Dragnet clauses are valid and enforceable in Massachusetts. Debral Realty, Inc. v. Marlboro Cooperative Bank, 48 Mass.App.Ct. 92 (1999). Also Everett Credit Union v. Allied Ambulance Servs., Inc., 12 Mass.App.Ct. 343 (1981). The intent of the parties is to be determined in construing a dragnet clause and must be considered in light of the circumstances and the language of the mortgage. Debral Realty, Inc. v. Marlboro Cooperative Bank, supra, Financial Acceptance Corp. v. Garvey, 6 Mass.App.Ct. 610 (1978).
PPD extended the loan to USA for a business purpose in a commercial setting.
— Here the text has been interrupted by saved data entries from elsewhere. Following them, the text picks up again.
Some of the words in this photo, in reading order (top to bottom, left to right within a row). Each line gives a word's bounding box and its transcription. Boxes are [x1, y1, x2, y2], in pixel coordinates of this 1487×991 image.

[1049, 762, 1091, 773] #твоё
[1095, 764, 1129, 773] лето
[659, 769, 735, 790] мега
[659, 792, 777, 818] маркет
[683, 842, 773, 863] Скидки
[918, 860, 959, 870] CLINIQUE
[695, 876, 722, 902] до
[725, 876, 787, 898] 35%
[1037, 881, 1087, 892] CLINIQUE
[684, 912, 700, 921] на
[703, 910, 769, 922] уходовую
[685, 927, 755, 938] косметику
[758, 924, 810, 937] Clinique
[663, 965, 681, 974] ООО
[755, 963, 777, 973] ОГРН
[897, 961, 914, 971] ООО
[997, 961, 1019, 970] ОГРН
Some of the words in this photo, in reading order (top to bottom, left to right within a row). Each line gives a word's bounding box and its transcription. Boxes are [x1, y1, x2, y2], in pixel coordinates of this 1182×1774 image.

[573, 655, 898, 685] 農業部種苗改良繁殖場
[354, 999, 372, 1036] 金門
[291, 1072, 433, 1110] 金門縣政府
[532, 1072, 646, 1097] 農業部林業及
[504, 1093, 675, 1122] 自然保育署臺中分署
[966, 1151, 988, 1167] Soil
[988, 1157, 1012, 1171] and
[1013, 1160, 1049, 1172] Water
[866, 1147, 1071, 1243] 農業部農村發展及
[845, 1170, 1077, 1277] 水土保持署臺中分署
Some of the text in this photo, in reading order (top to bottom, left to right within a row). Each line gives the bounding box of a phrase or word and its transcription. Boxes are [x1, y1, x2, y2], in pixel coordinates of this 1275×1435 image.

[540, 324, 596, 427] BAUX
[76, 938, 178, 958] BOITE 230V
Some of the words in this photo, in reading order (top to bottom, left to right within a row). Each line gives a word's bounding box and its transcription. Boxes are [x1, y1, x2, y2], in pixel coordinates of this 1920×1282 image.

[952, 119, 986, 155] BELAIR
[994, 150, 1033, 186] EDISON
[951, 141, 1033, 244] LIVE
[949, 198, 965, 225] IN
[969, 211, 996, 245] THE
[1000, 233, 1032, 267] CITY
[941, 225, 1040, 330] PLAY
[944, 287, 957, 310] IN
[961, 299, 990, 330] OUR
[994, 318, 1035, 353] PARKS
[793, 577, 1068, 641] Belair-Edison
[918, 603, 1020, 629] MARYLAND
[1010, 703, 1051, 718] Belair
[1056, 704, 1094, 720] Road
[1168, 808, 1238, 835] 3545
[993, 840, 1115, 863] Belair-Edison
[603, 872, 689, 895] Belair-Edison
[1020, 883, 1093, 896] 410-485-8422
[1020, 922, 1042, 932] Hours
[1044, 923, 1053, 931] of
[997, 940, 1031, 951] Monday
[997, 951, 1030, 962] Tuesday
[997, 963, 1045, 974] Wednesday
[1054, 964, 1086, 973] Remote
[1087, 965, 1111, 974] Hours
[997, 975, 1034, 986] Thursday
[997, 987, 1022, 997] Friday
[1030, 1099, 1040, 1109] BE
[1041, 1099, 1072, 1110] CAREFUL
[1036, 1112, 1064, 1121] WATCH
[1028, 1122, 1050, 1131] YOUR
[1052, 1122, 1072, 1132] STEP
The loans derived from [703]*703the supply agreement with PPD. Without the supply agreement, PPD would not have made the loan.
To determine the intent of the parties, a court will look to whether the subsequent debt is of the same general kind as the debt specifically secured or whether it has a sufficiently close relationship to the original indebtedness that the consent of the debtor to securing the debt by the earlier mortgage can be inferred. Debral Realty, Inc. v. Marlboro Cooperative, supra.
The debt incurred by USA Tech for gasoline deliveries following the April and July 2000 mortgages was of the same general kind as the partial debt secured in that mortgage which included more than $70,000 in debt for gasoline deliveries previously made by PPD. Furthermore, the gasoline debt had a close relationship to the financing which was provided for the purpose of enabling PPD to obtain the ten-year gasoline supply contract and to secure the preexisting debt of USA. The debts evidenced by the mortgage and subsequent delivery of gasoline were for the same business purpose. That is, permitting USA to own and operate the station so that it could purchase future gasoline from PPD.
The Court finds and rules that given the language employed in the mortgage, the purpose of the loan, and the relationship of the loan to the supply agreement, USA, which was represented by counsel, knew or reasonably should have known that the mortgage secured future debt to PPD incurred as a result of the supply agreement. Massachusetts Municipal Wholesale Elec. Co. v. Danvers, 411 Mass. 39 (1991).
Hayek is the principal of USA. He did not testify at trial. USA’s failure to call Hayek permits an inference that his testimony would not have been helpful to the claim made by USA in this bifurcated portion of the case.
The Court finds that there is no evidence of unfairness or oppressiveness in the relationship between USA and PPD. The loans and subsequent gasoline deliveries by PPD were made for business purposes in a commercial setting. USA and PPD were each represented by counsel during all of the negotiations and execution of documents. PPD made accommodations to USA by forbearing institution of suit on the old debt and by providing additional credit through continued deliveries of gasoline in 2001 upon the promise of Hayek that USA would make payments for these gasoline deliveries. PPD relied on the mortgages as security for the promises of USA and Hayek.
INTERIM FINDINGS
This Court finds that the intent of the parties was to include future sales of gasoline over a ten-year period of the first and second mortgages to be included and part of the “dragnet” clause of each mortgage. This Court finds that USA is in default of its payments under the supply agreement; and, therefore, in default of its terms on the second mortgage.